O Supremo Tribunal Federal retomou o julgamento sobre a demarcação de terras indígenas a partir do Marco Temporal. Nesse critério, a reivindicação de terras pelos indígenas só será possível se elas foram ocupadas antes da promulgação da Constituição Federal de 1988. De um lado, ruralistas são favoráveis à tese. Do outro, povos indígenas lutam contra a medida inconstitucional, defendendo o direito originário de posse dessas terras que também é garantido na Constituição.
“É um momento muito sensível”, destaca Marta Rosa Amoroso, professora do Departamento de Antropologia da Faculdade de Filosofia, Letras e Ciências Humanas da USP e do Centro de Estudos Ameríndios (CEstA) ao Jornal da USP no Ar 1° Edição. “É preciso lembrar que a Constituição de 1988 reafirma o direito dos povos tradicionais sobre as terras e estabelece um prazo para a regularização das terra indígenas no Brasil de cinco anos, a partir de 1988”, explica. O País segue imerso na discussão por conta dessa dívida histórica do Estado que, do ponto de vista jurídico atual, de acordo com Marta, “é uma tentativa de golpe que ameaça a Constituição”.

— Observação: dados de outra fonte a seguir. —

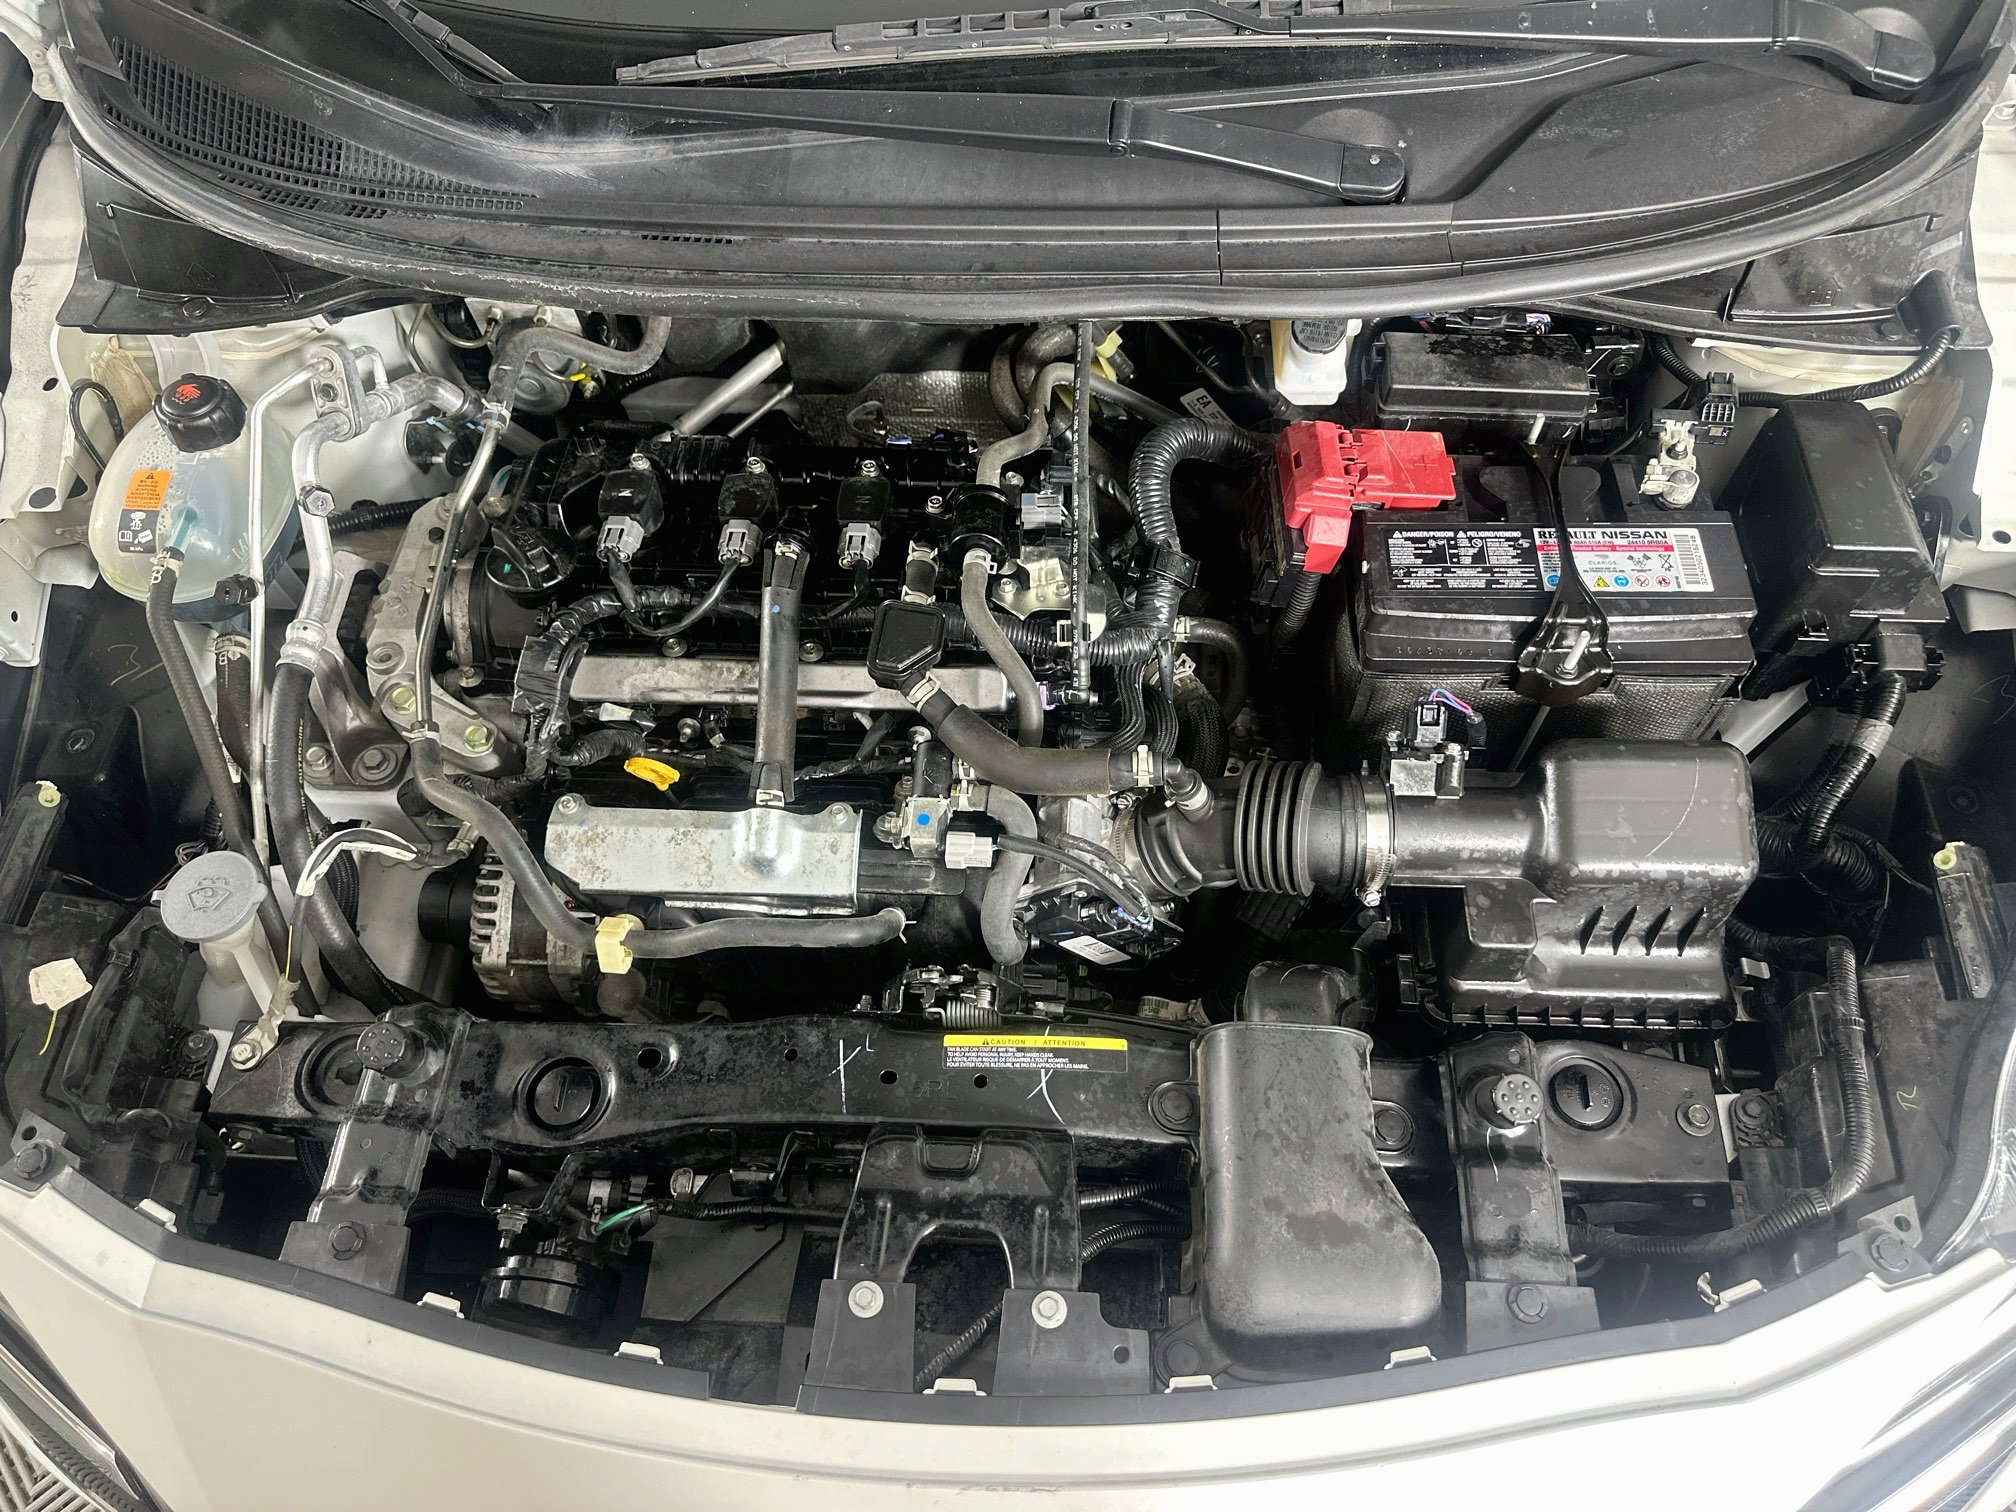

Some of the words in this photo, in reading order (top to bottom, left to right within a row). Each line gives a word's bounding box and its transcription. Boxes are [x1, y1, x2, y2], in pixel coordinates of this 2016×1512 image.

[1196, 395, 1212, 409] EA
[1538, 531, 1596, 539] REAULT
[1601, 531, 1667, 539] NISSAN

A terra representa um modo de vida para os povos indígenas, que se configura em torno de uma filosofia de pertencimento e relacionalidade. “Para os povos indígenas, a terra, o rio, as montanhas constituem seus próprios corpos”, explica Marta. Ela ainda cita o filósofo e cacique Babau Tupinambá da Bahia: “Tudo que é vida tem direito. Tudo que é vida tem espírito. E nós, povos indígenas, conversamos com os espíritos”. Para a pesquisadora, esse é um segundo nível incompreendido dessa relação do indígena com a terra, que é desconsiderado em muitos contextos.
“A gente acompanha na mobilização indígena a angústia diante do perigo de tornar essas terras indígenas mais vulneráveis ainda. O que vemos é o garimpo e exploração mineral sendo legalizados, enquanto a discussão do direito à terra atual suspende o direito constitucional”, avalia. Por fim, Marta ainda revela que os povos indígenas são confrontados a todo momento por pessoas que se julgam no direito de avançar sobre as terras tradicionais, o que gera ainda mais vulnerabilidade para essa população que, ao contrário do que acontece, deveria ser amparada pela legislação.